At an event, jointly organized by Pakistan’s Ministry of Health Services, Regulations and Coordination (NHSRC), the Aga Khan University and the World Health Organization (WHO), on the occasion of World Hepatitis Day 2019 global campaign, it was announced that 5 and 10 million people are affected with hepatitis B and C respectively.
Further, “thousands of new patients are added every year due to lack of prevention, testing and treatment resources as well as inadequately screened blood transfusion, improperly sterilized invasive medical devices and unsafe injections. Unnecessary injections are widespread and shockingly high numbers of untrained healthcare professionals are delivering such injections to unsuspecting people in Pakistan.”

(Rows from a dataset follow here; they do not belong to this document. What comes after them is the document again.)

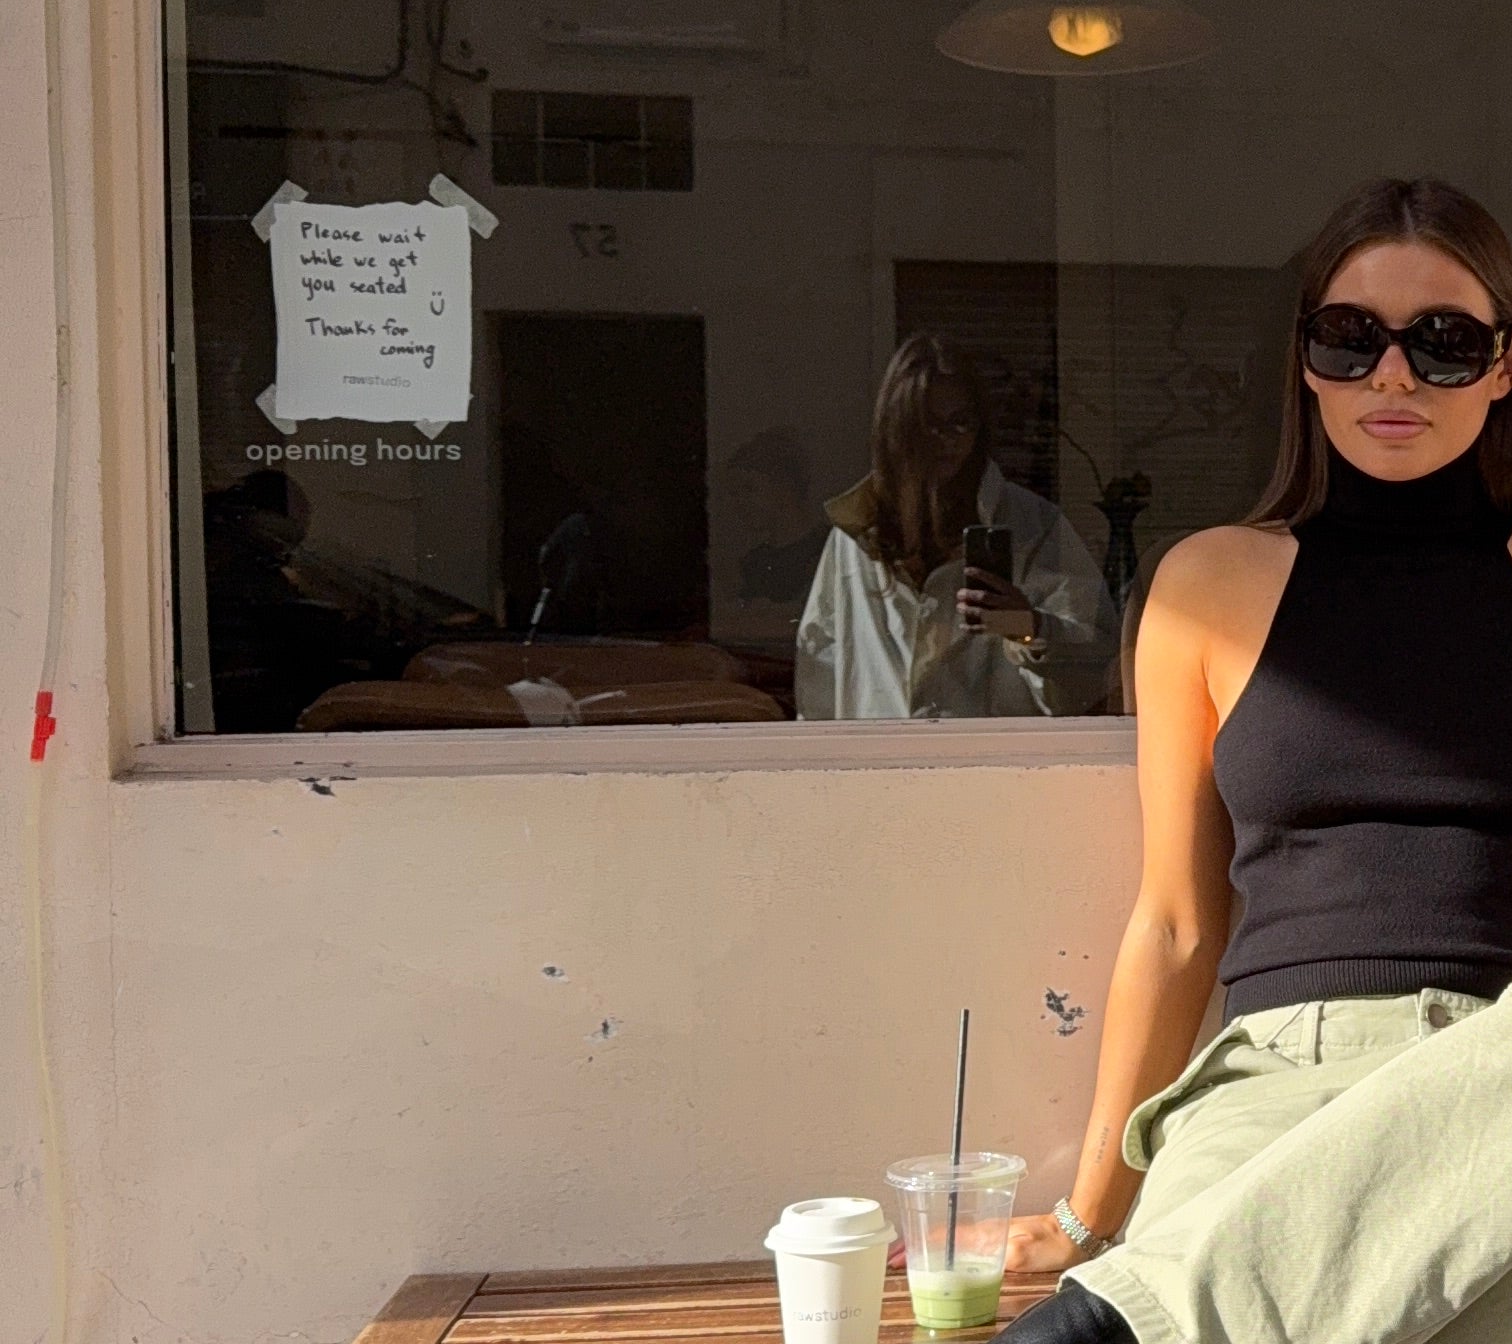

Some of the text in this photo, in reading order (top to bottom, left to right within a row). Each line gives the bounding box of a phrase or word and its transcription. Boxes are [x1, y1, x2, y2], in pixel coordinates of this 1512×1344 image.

[301, 221, 426, 243] Please wait
[300, 248, 418, 277] while we get
[302, 276, 407, 301] you seated
[305, 316, 409, 336] Thanks for
[379, 341, 436, 369] coming
[246, 437, 462, 466] opening hours

According to a new study released by WHO “investing in eliminating hepatitis can bring cost savings, because instead of paying for long-term care required for liver cirrhosis and cancer, people would access hepatitis testing, treatment or cure while they are healthy.”

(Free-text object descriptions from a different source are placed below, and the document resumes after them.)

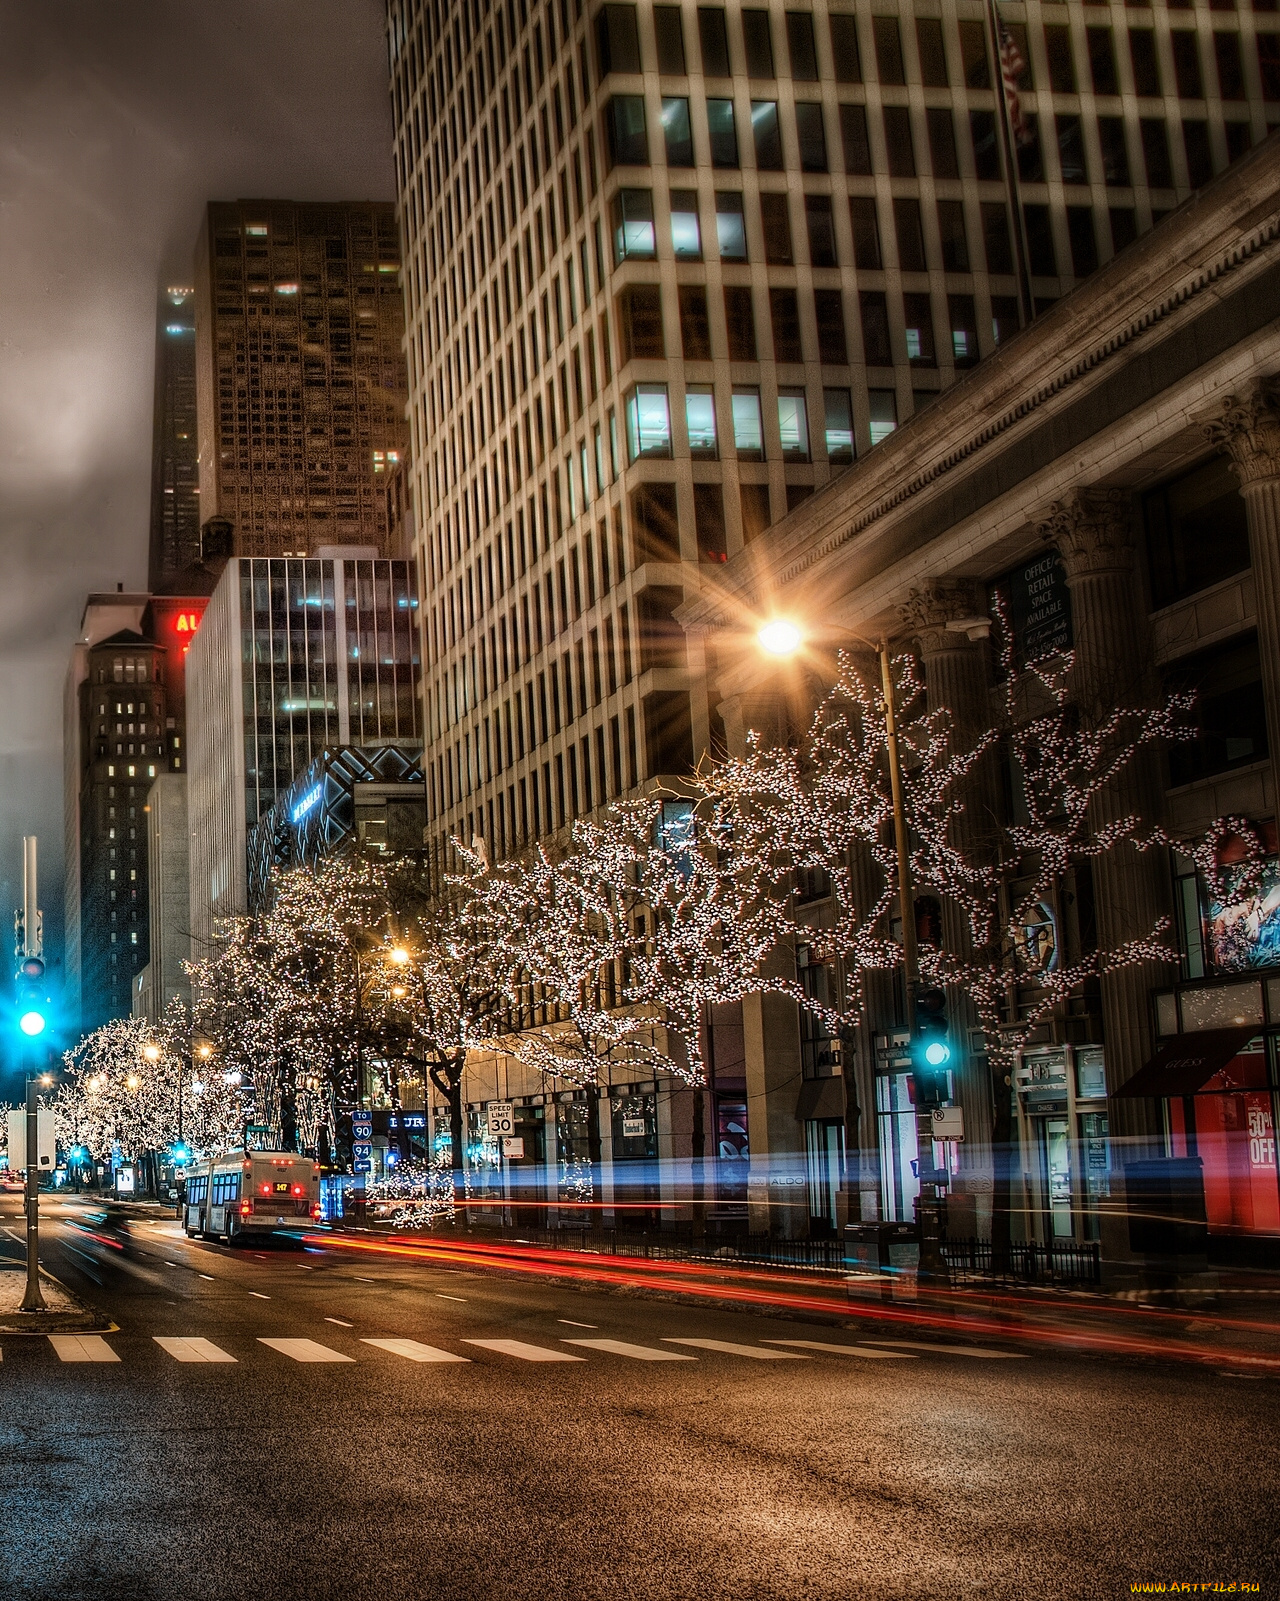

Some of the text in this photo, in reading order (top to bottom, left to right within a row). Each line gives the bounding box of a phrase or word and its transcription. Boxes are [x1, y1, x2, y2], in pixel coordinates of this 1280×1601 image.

[1028, 573, 1056, 597] RETAIL
[1031, 589, 1053, 609] SPACE
[1026, 600, 1062, 627] AVAILABLE
[1165, 1058, 1206, 1069] GUESS
[1037, 1104, 1054, 1112] CHASE
[491, 1119, 511, 1132] 30
[1248, 1112, 1273, 1138] 50%
[356, 1126, 370, 1137] 90
[355, 1147, 370, 1156] 94
[1250, 1138, 1275, 1164] OFF
[276, 1183, 288, 1191] 147
[771, 1177, 804, 1186] ALDO

According to an ambitious plan the government hopes to eliminate viral hepatitis B and C infections in the country by 2030 by “scaling up hepatitis prevention, testing and treatment services. In support of the Prime Minister’s initiative, NHSRC also announced new national plans for injection safety, safe blood transfusion, and national infection control guidelines. The implementation will be overseen by the newly created National Task Force of the Ministry.”